The Road to 1945: War, Welfare and the People’s Will
Chapter 2 discusses the war years and the run up to Labour’s 1945 election victory. It has sections on the career of Ernest Beveridge and his proposal for the creation of the welfare state, consensus with the major stakeholders, the government’s reaction to the Beveridge report, the debate over the report and disagreements in cabinet about it, the parliamentary debate on Beveridge, which resulted in 121 MPs voting against the government for its reluctance to implement the report’s proposals, which resulted in Churchill being forced to accept it. The chapter also examines the role of collectivism; the emergence of Labour; Social Policy in War Time, with further sections on health policy, this significance of war-time policy for the social policy of the post-war period; Education Policy; and Conclusion.

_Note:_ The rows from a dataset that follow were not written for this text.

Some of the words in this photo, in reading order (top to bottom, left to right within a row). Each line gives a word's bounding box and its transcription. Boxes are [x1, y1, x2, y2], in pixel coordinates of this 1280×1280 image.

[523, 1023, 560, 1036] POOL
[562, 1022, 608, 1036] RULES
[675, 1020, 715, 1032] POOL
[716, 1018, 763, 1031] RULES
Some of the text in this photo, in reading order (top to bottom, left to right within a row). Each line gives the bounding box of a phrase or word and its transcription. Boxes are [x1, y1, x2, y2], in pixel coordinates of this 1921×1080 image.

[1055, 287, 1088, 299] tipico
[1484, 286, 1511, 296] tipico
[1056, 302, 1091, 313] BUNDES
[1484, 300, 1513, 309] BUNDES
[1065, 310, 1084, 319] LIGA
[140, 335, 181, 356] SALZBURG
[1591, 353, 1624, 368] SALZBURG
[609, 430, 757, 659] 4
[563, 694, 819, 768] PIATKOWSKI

The Emergence and Growth of the Welfare State
This deals with the development of the welfare state from its foundation in 1945 to 1969. It has the following sections: the Emergence of the Welfare State; the Economic Context; the Post-War Welfare State; Developing Social Security; Introducing a National Health Service; Labour’s Housing Policy; The Mosaic of Reform and Conservatism; Conservative criticisms of the welfare state; Consolidationists versus radicals; Conservativism and Social Policy 1951-64, which has a section on Convervatives and anti-welfarism; Conservative Responses, including Conservative justifications of the welfare state; Reactions to the Right: the Challenge of Social Democracy, including sections on Titmuss’ defence of the Welfare State, Crosland and the Welfare state and his redefinition of socialism, citizenship and social policy, and the rediscovery of poverty; Emerging Issues and Labour and Social Policy, 1964-9.

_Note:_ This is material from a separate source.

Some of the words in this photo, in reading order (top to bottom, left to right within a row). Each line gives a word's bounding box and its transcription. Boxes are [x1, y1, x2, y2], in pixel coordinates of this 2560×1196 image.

The Welfare State in Crisis
This chapter deals with the period from 1970 to 1995. The first section, Farewell to Welfare Statism, has sections, on poverty and labour, challenges to Keynes and Beveridge and Enoch Powell and the ‘Rivers of Blood’ Speech; the 1970s; Labour on the Welfare Crisis; Conservatives and Social Policy; Welfarism and the new Conservatism; the New Conservative Experiment from 1979-1990, with subordinate sections on dealing with unemployment, restrictions on public expenditure, the National Health Service, radical approaches to social policy from 1983 to 1990; Public Resistance to the Dismantlement of the Welfare State; The Major Governments and Social Policy, with sections on whether the 1990 to 1995 administration was a development of Thatcher’s project or its demise, health policy in the Major governments, education policy in the 1990, rethinking the social agenda, and the Major administrations and social policy. The last section in this chapter is an appraisal of the New Conservatism’s Social Policy, including a discussion of its long-term strategy and incremental change.

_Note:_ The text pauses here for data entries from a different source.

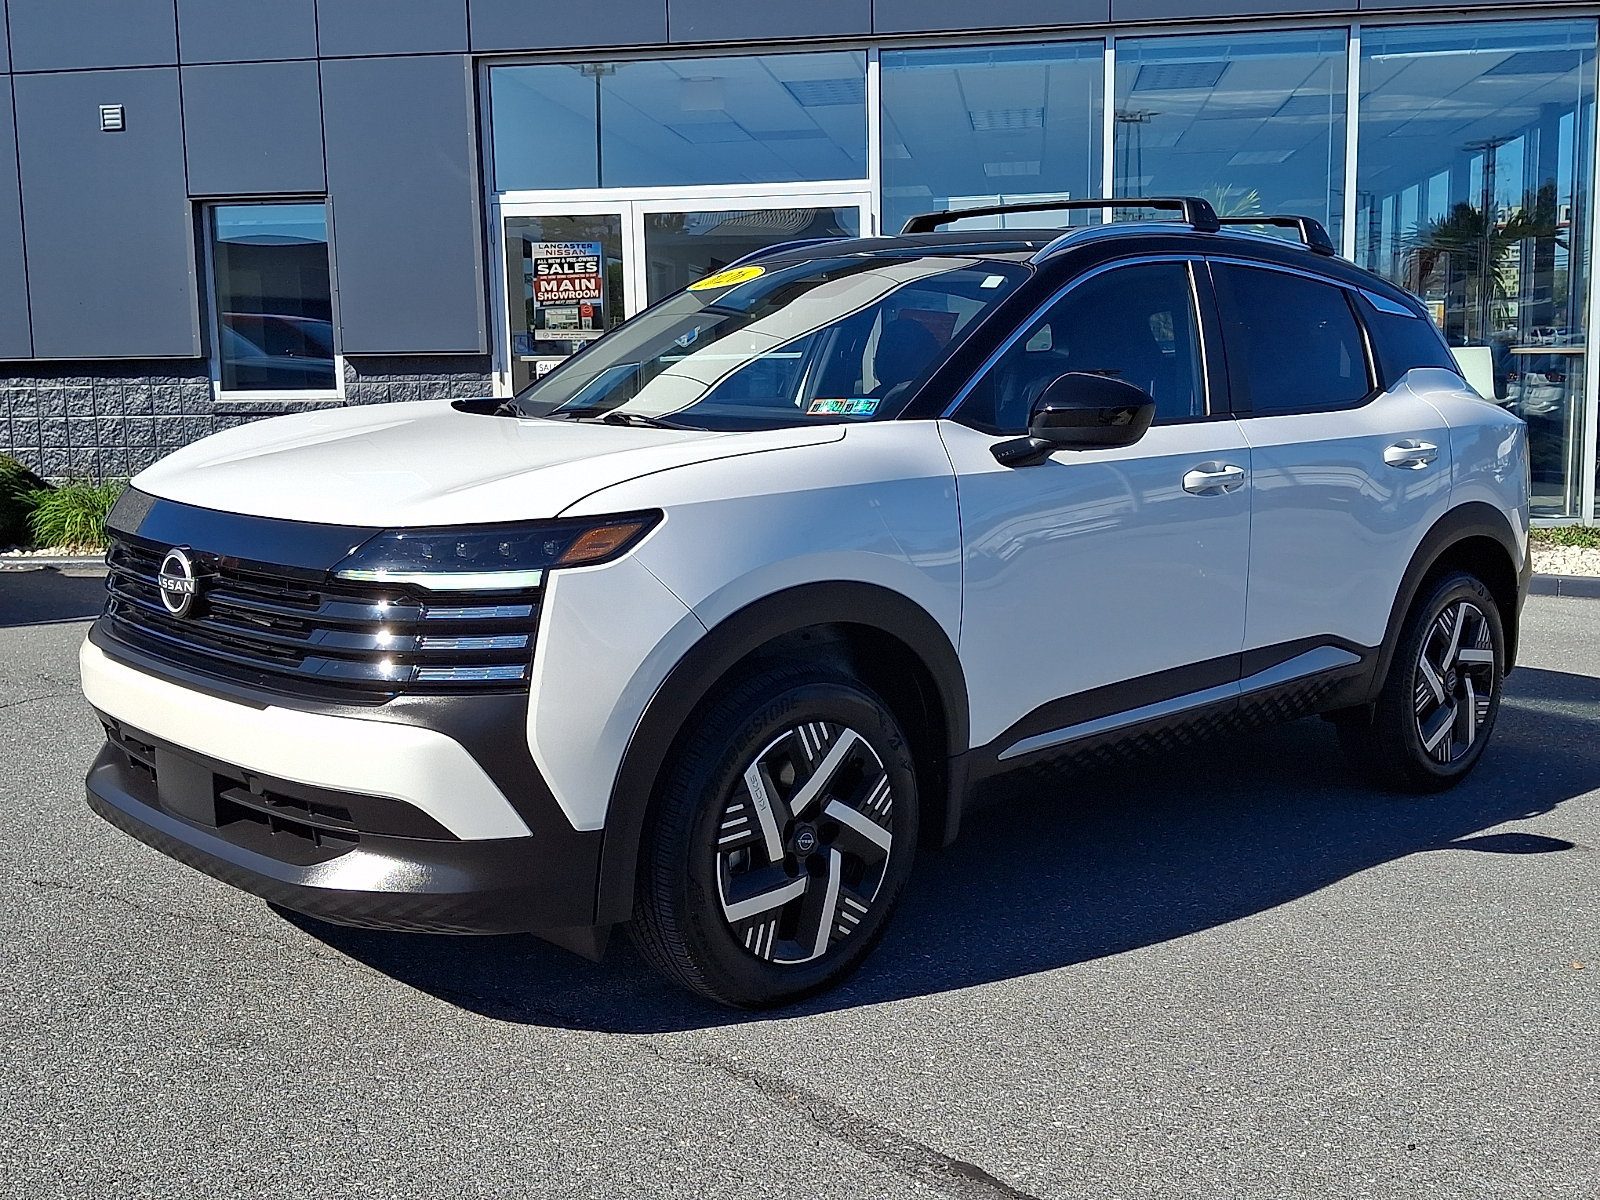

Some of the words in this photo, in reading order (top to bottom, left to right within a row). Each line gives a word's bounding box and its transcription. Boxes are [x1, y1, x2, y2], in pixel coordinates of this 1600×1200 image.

[537, 262, 598, 275] SALES
[540, 278, 596, 292] MAIN
[537, 289, 599, 301] SHOWROOM
[750, 774, 767, 811] KICKS
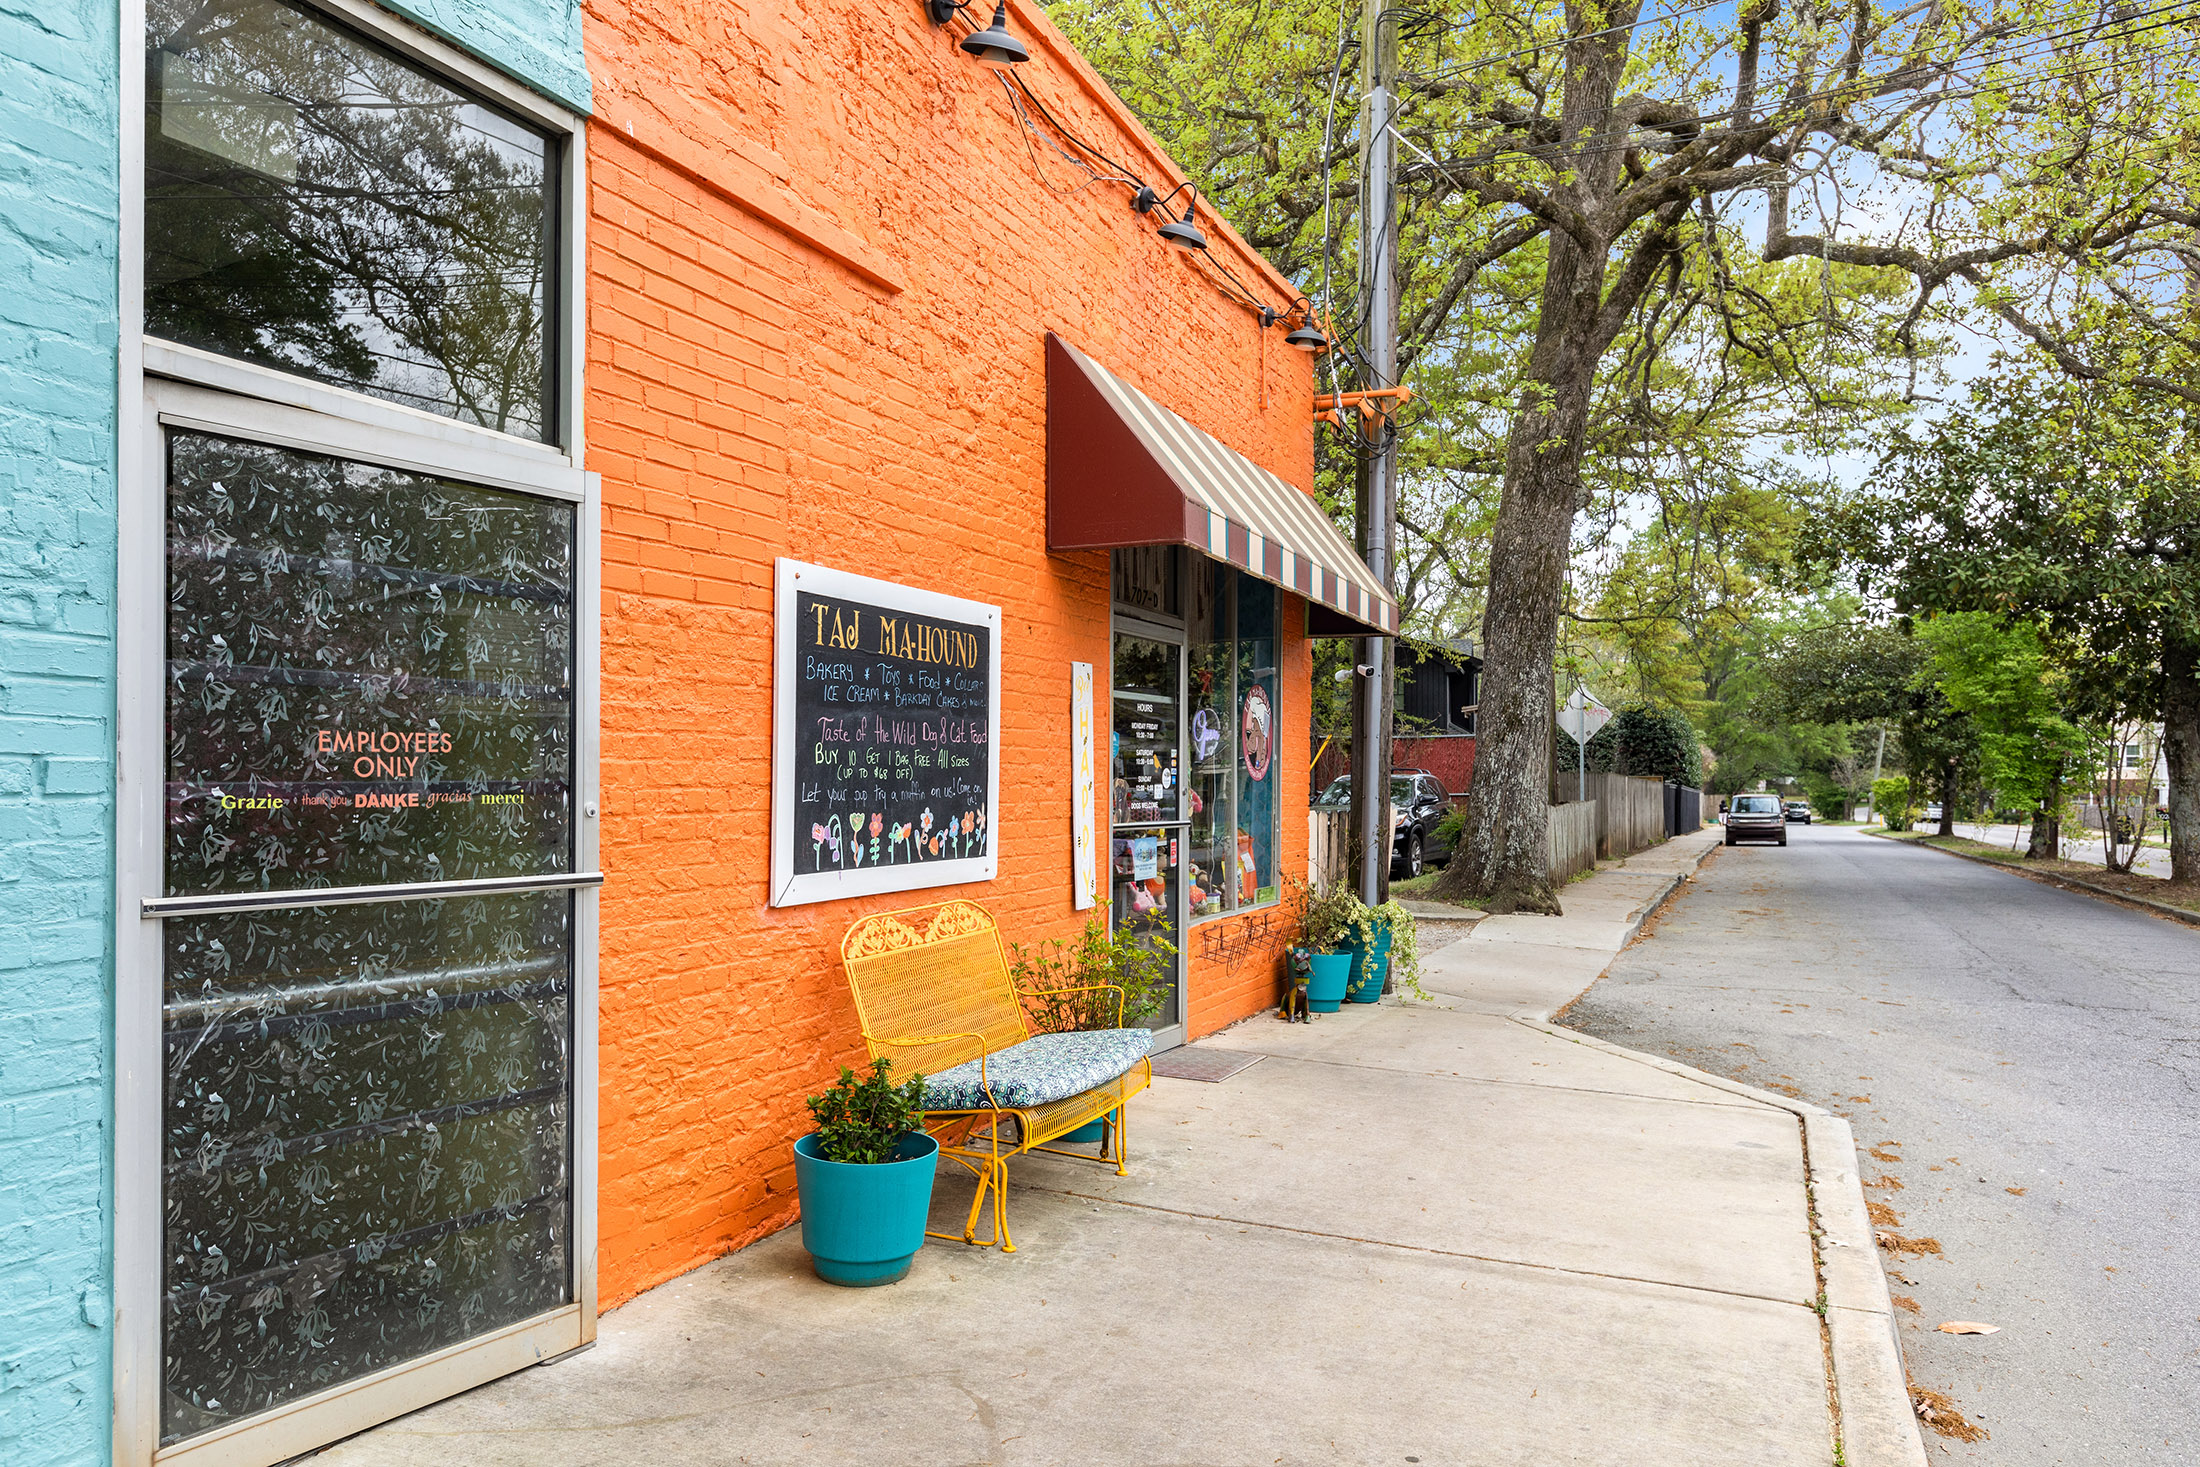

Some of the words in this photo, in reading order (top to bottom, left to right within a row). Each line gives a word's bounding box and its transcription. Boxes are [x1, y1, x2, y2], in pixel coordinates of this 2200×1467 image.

Post-War Education Policy: Continuity and Change
The has sections on the Labour Government and the Butler Act; The issue of Comprehensives, including sections on the debate within the Labour Party, the movement away from comprehensive education by teacher’s organisations, and the first comprehensive schools; Education and Society, 1951 to 1964, including sections on the squeeze on education spending, and the replacement of the squeeze by increased spending, the continuing debate over comprehensive education in the Labour party, the question of whether there was a resurgence in the Labour Left, or if it was a redefinition of social democracy, evidence from sociological and psychological research, changes in schooling and changing attitude among parents, education and the economy, and the attitude of the Conservative Party; the various reports into education of the 1950s and 1960s; and the Robbins Revolution in the expansion of the higher education.
Education, Retrenchment, Privatisation and Consumers
This chapter deals with the period from 1965 onwards. It has sections on Education Policy and the Labour Governments, 1964-70, including sections on the Labour government and comprehensive education, the unusual method in which this policy was introduced by administrative circular, the way the cabinet was not involved in the introduction of the policy, relations between central and local government, the Labour party and the professionals involved, such as teachers, and the use of the circular to avoid opposition in parliament; Conservatives and Education, 1970-4, with sections on Margaret Thatcher and the comprehensive schools, her ending of free school milk, her initial policies of expanding education; Education Policy during the 1974 to 1979 Labour Governments, with sections on comprehensive schools and the ‘great debate’ on education; and the Thatcher governments and education.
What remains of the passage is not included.